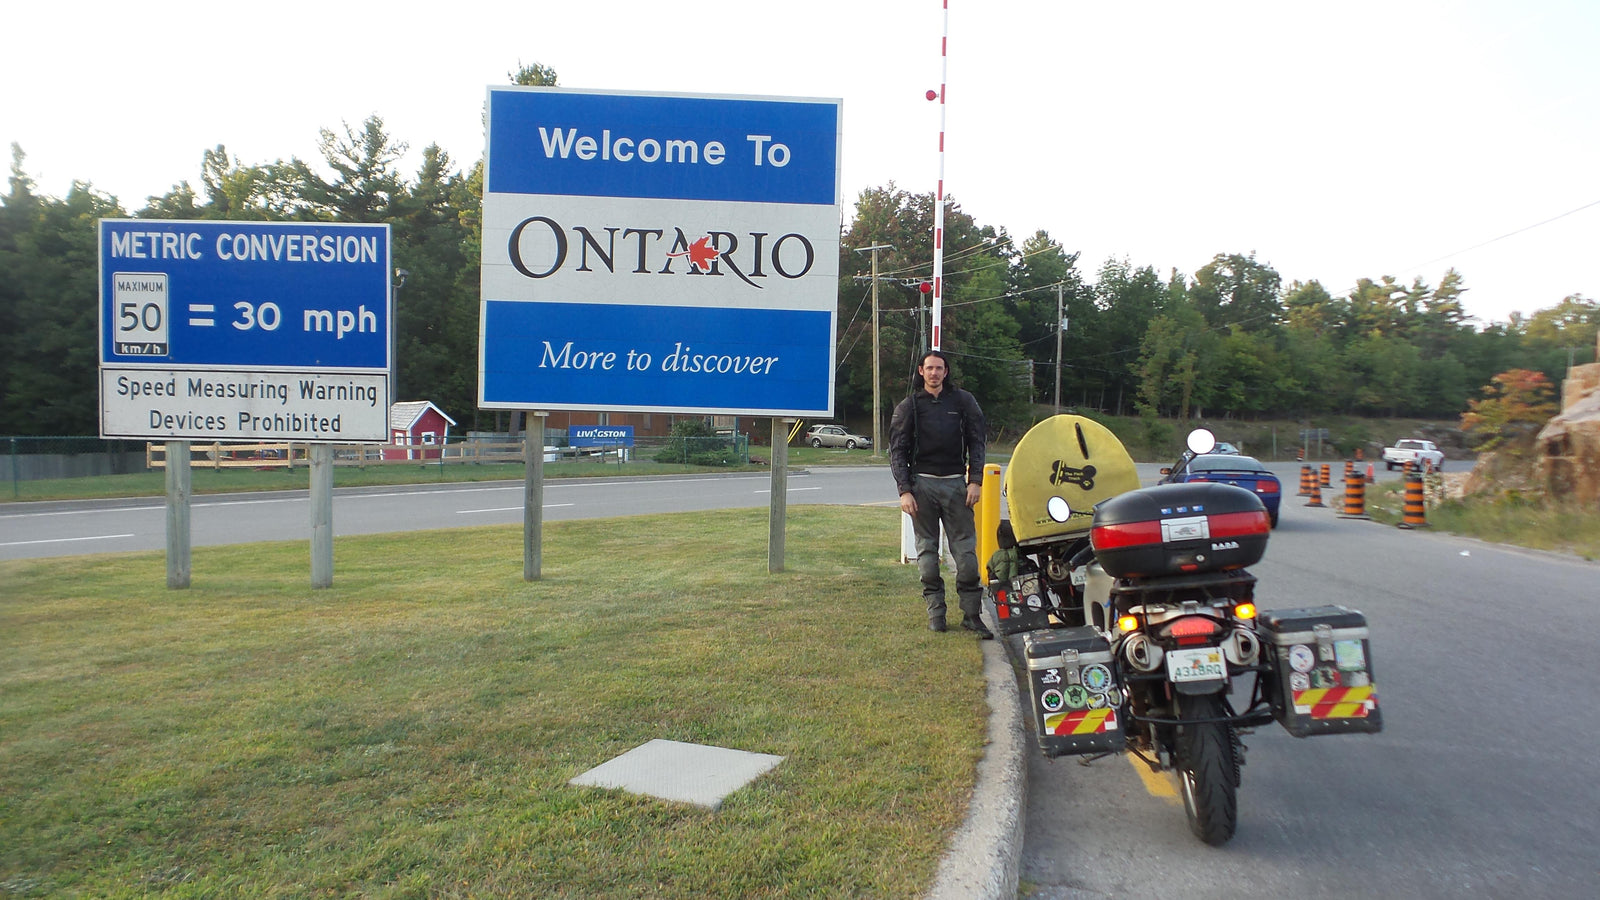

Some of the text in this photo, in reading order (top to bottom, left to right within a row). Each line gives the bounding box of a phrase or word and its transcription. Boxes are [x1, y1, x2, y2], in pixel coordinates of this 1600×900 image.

[538, 127, 791, 168] Welcome To
[111, 231, 377, 263] METRIC CONVERSION
[508, 216, 815, 289] ONTARIO
[117, 281, 163, 293] MAXIMUM
[120, 302, 162, 332] 50
[232, 301, 280, 331] 30
[304, 304, 377, 340] mph
[121, 343, 161, 354] km/h
[539, 341, 779, 375] More to discover
[117, 376, 377, 406] Speed Measuring Warning
[150, 410, 341, 432] Devices Prohibited
[576, 429, 626, 438] LIVINGSTON
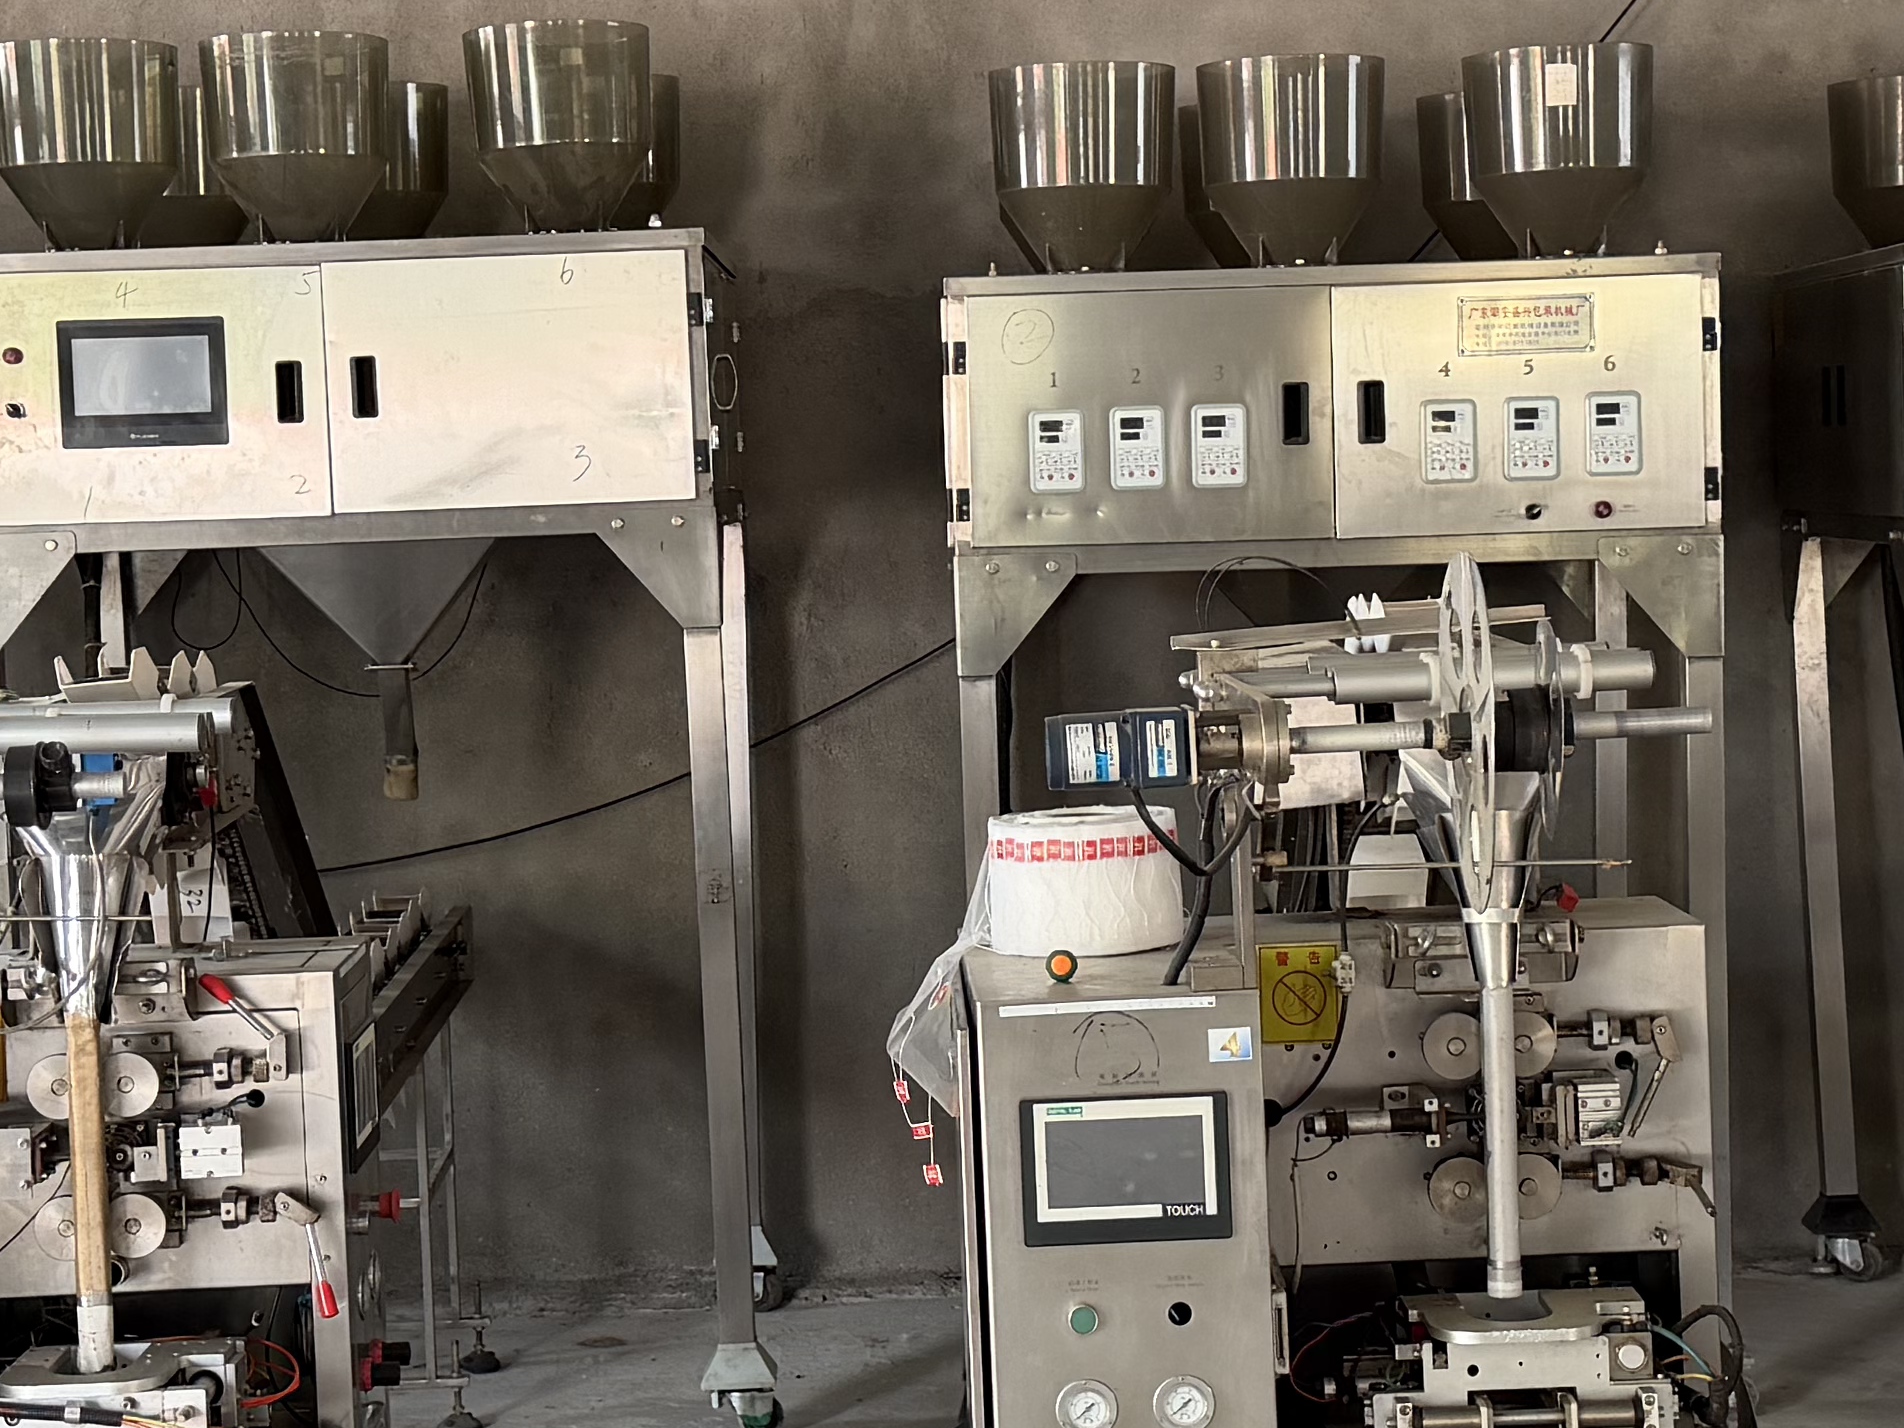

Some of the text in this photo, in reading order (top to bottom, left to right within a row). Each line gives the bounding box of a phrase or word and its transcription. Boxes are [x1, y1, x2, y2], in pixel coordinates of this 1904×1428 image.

[560, 256, 575, 285] 6
[115, 280, 140, 309] 4
[294, 269, 322, 296] 5
[1049, 354, 1617, 388] 1 2 3 4 5 6
[287, 474, 311, 495] 2
[572, 444, 593, 482] 3
[1165, 1204, 1205, 1217] TOUCH

***

- [WHAT TO WORK ON]
The expected output is every entry, retyped exactly, with all pictures removed.

- [SOLUTION BELOW]
Some of the text in this photo, in reading order (top to bottom, left to right within a row). Each line gives the bounding box of a phrase or word and its transcription. Boxes are [x1, y1, x2, y2], in pixel coordinates of this 1600×900 image.

[538, 127, 791, 168] Welcome To
[111, 231, 377, 263] METRIC CONVERSION
[508, 216, 815, 289] ONTARIO
[117, 281, 163, 293] MAXIMUM
[120, 302, 162, 332] 50
[232, 301, 280, 331] 30
[304, 304, 377, 340] mph
[121, 343, 161, 354] km/h
[539, 341, 779, 375] More to discover
[117, 376, 377, 406] Speed Measuring Warning
[150, 410, 341, 432] Devices Prohibited
[576, 429, 626, 438] LIVINGSTON

Some of the text in this photo, in reading order (top to bottom, left to right within a row). Each line gives the bounding box of a phrase or word and its transcription. Boxes are [x1, y1, x2, y2], in pixel coordinates of this 1904×1428 image.

[560, 256, 575, 285] 6
[115, 280, 140, 309] 4
[294, 269, 322, 296] 5
[1049, 354, 1617, 388] 1 2 3 4 5 6
[287, 474, 311, 495] 2
[572, 444, 593, 482] 3
[1165, 1204, 1205, 1217] TOUCH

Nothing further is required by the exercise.